YOUR TASK → With the images removed, write out every line below exactly.
---- EXTRACTED MATERIAL
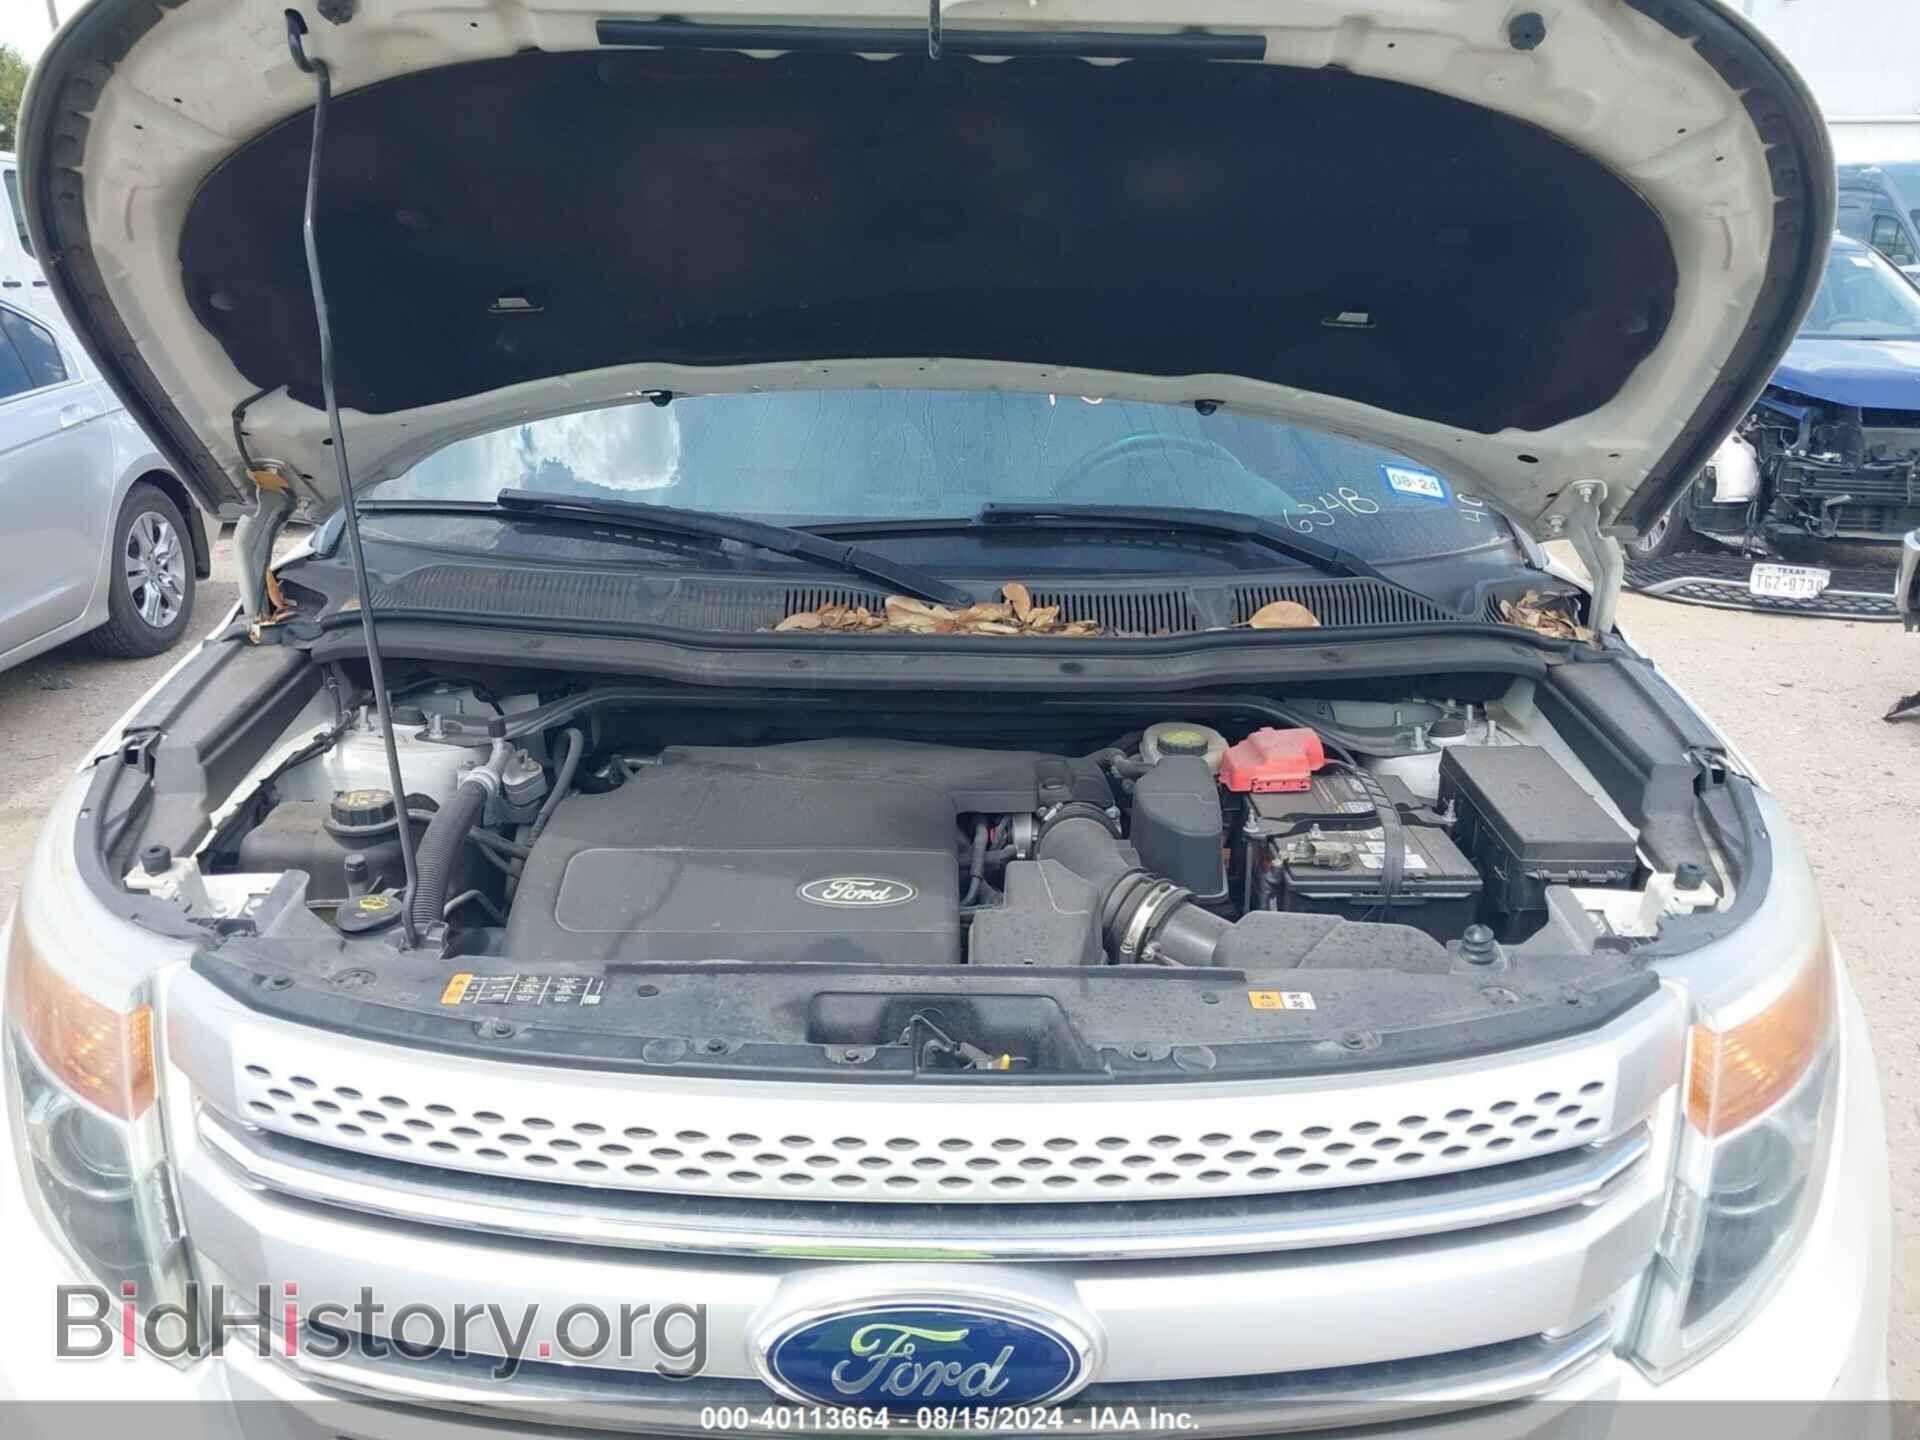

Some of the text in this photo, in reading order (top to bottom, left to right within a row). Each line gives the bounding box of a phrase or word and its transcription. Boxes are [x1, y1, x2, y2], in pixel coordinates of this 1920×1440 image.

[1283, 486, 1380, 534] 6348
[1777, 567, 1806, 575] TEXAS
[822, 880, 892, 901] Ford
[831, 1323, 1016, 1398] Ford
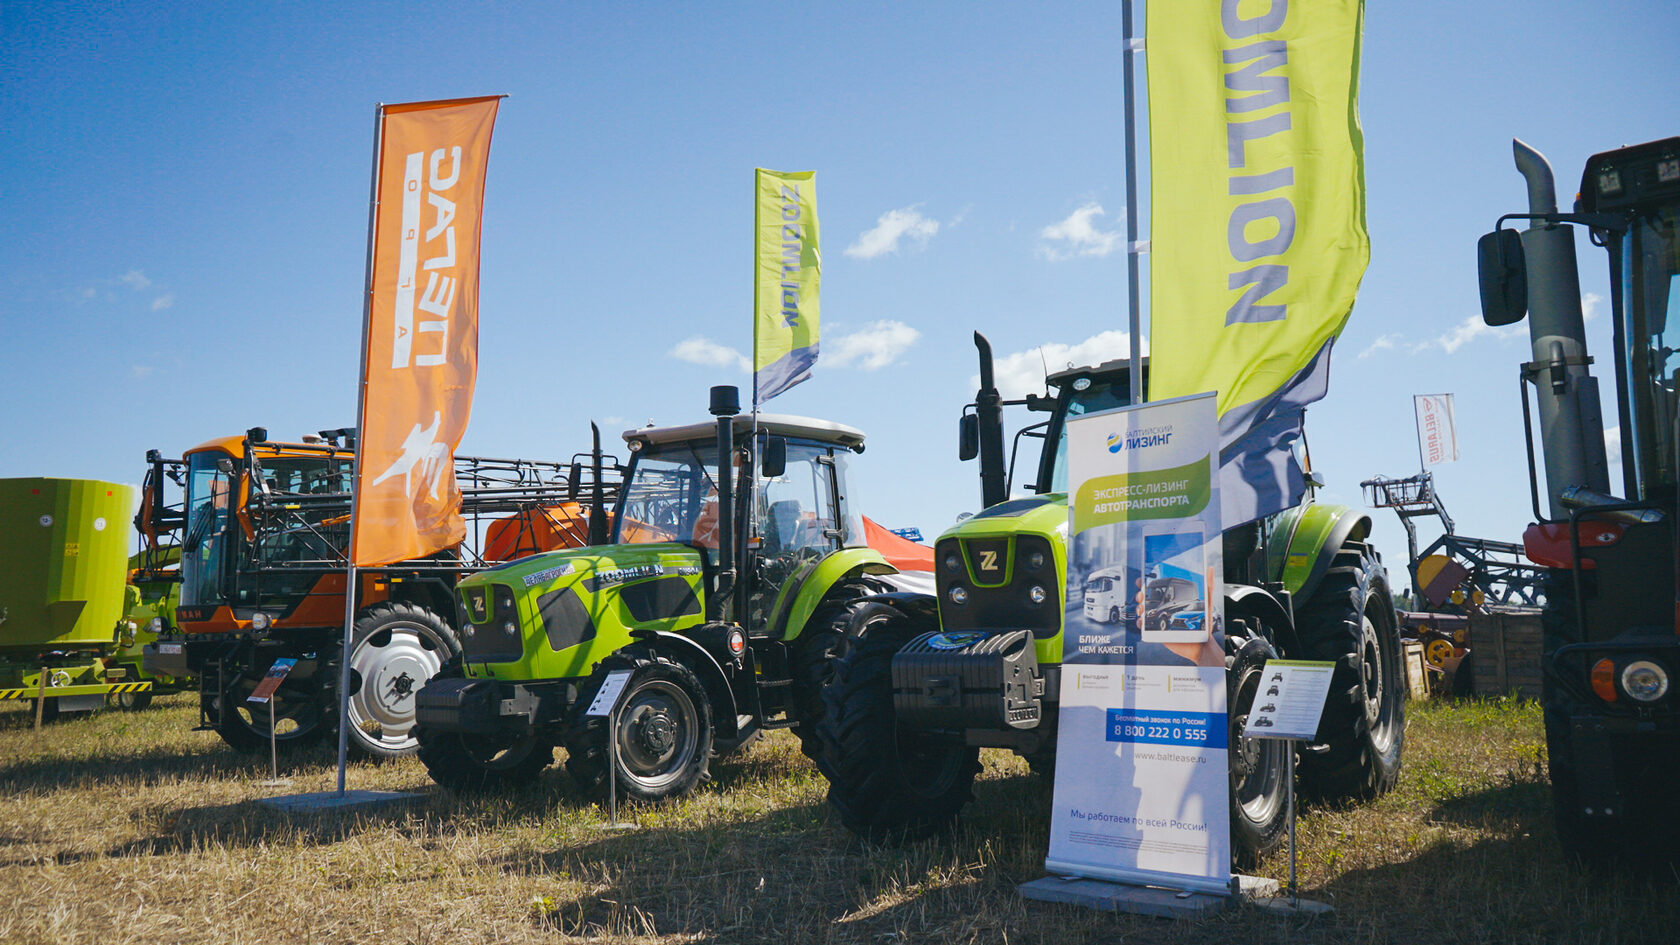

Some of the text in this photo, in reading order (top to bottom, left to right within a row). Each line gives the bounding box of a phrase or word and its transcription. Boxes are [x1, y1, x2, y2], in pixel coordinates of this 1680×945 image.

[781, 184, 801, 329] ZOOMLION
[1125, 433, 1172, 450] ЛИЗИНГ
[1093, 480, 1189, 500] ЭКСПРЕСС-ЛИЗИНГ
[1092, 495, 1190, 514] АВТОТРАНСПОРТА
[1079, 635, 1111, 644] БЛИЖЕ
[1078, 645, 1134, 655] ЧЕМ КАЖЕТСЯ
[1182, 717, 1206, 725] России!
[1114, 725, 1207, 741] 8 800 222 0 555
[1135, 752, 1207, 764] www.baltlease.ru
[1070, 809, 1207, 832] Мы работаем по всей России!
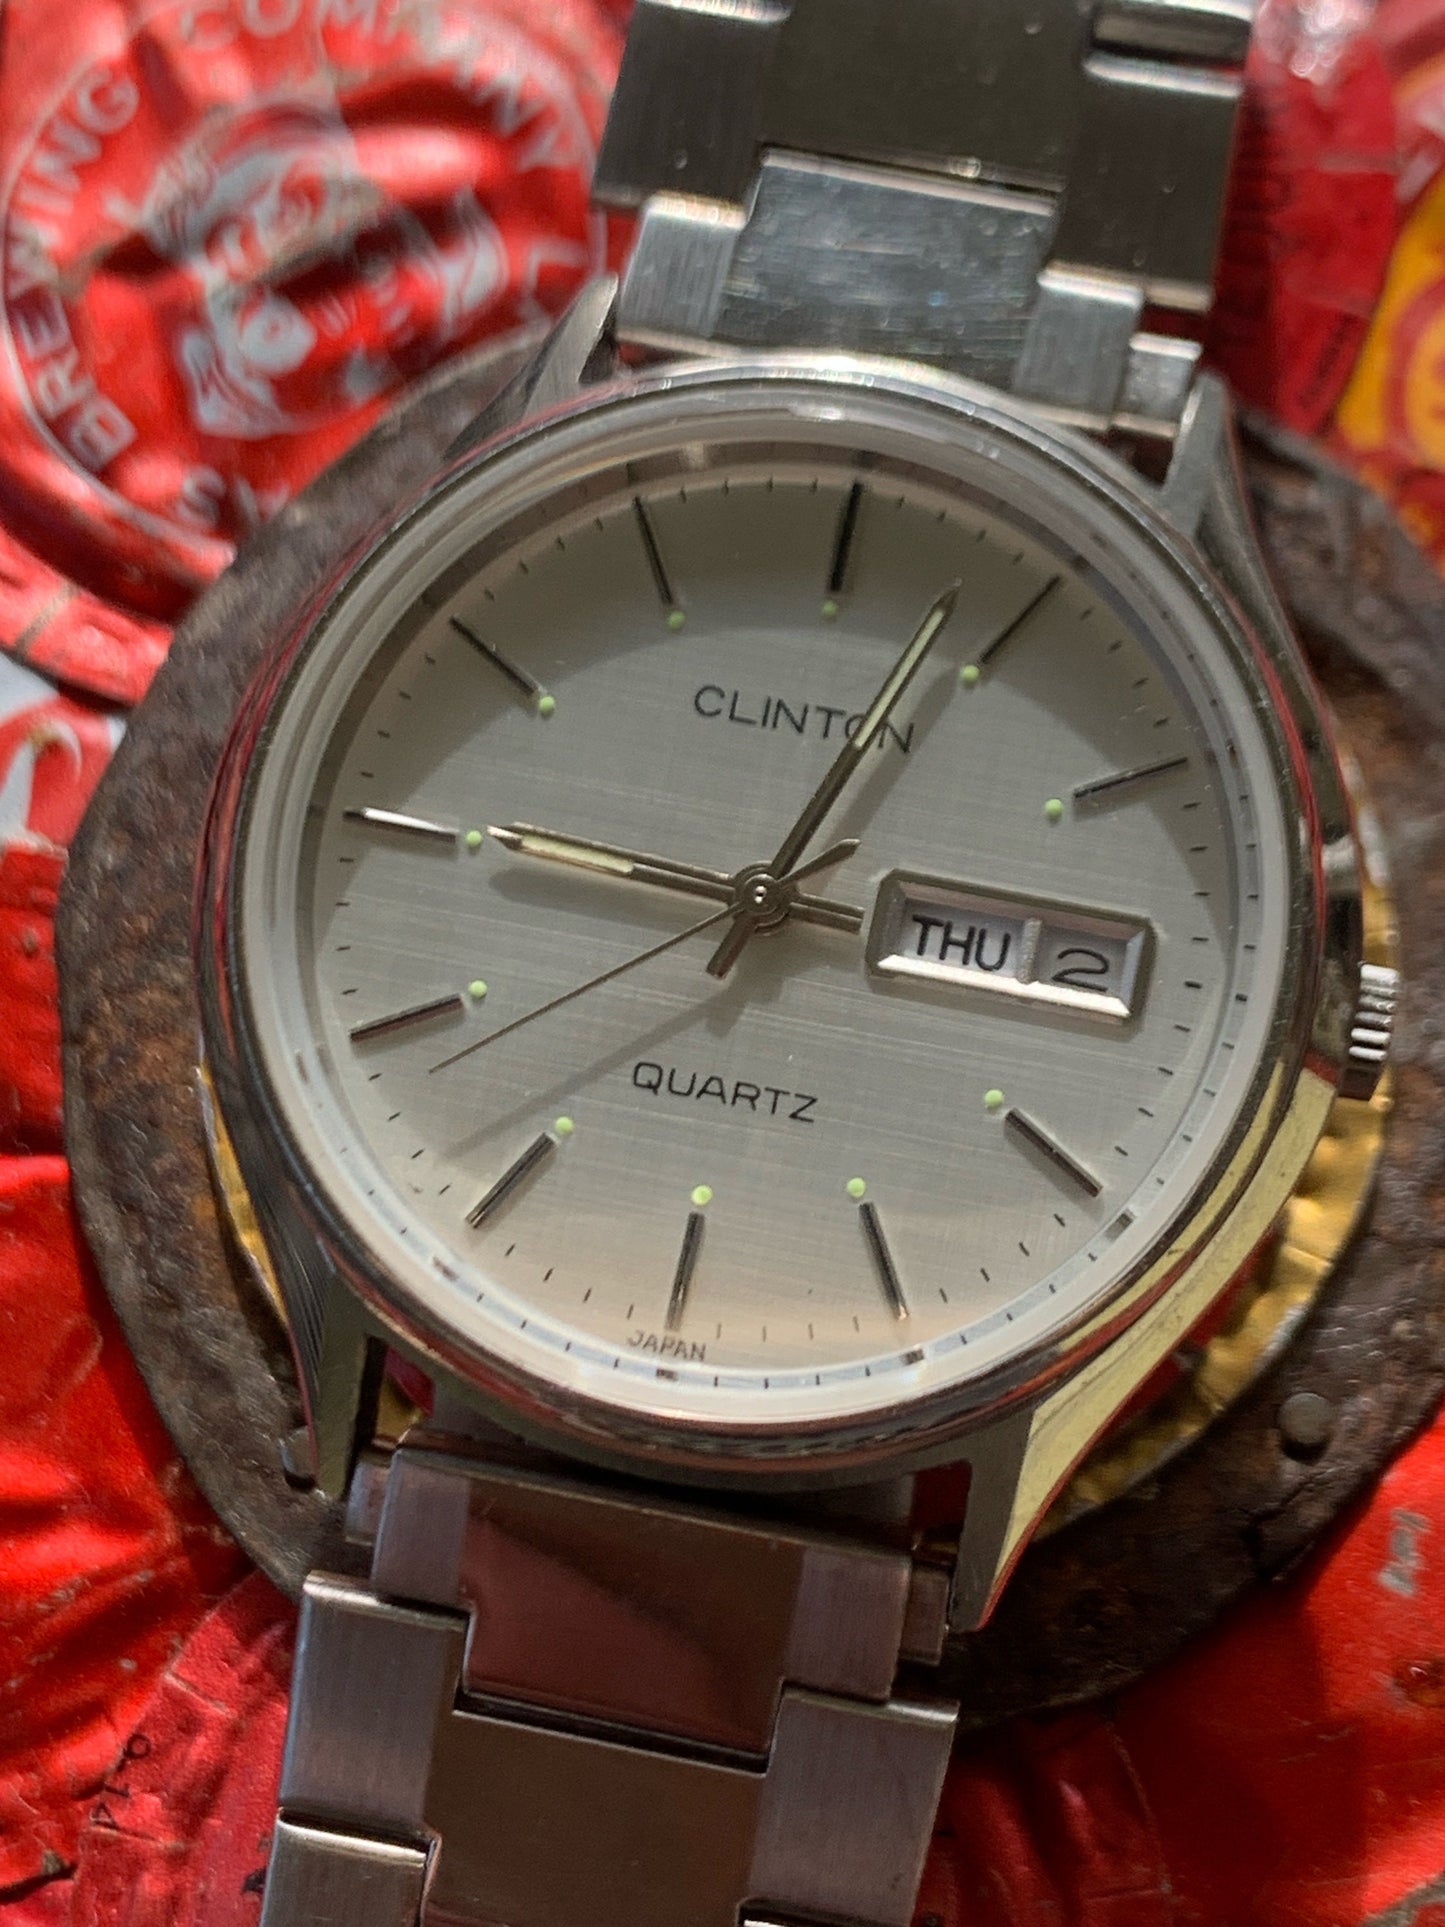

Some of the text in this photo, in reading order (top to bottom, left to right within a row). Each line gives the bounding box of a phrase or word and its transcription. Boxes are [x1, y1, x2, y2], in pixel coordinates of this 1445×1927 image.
--------
FINAL ANSWER →
Some of the text in this photo, in reading order (top to bottom, left to right within a row). Each line gives the bounding box of a phrase or word and its transcription. Boxes are [x1, y1, x2, y2], in pixel coordinates of this 1920×1440 image.

[1283, 486, 1380, 534] 6348
[1777, 567, 1806, 575] TEXAS
[822, 880, 892, 901] Ford
[831, 1323, 1016, 1398] Ford

Some of the text in this photo, in reading order (top to bottom, left to right within a row). Each line gives the bounding box of a phrase or word and its transcription. Boxes are [x1, y1, x2, y2], in pixel coordinates of this 1680×945 image.

[781, 184, 801, 329] ZOOMLION
[1125, 433, 1172, 450] ЛИЗИНГ
[1093, 480, 1189, 500] ЭКСПРЕСС-ЛИЗИНГ
[1092, 495, 1190, 514] АВТОТРАНСПОРТА
[1079, 635, 1111, 644] БЛИЖЕ
[1078, 645, 1134, 655] ЧЕМ КАЖЕТСЯ
[1182, 717, 1206, 725] России!
[1114, 725, 1207, 741] 8 800 222 0 555
[1135, 752, 1207, 764] www.baltlease.ru
[1070, 809, 1207, 832] Мы работаем по всей России!

Some of the text in this photo, in reading order (top to bottom, left to right within a row). Each line gives the bounding box of a phrase or word and its transcription. Boxes are [x1, y1, x2, y2], in pixel coordinates of this 1445×1927 image.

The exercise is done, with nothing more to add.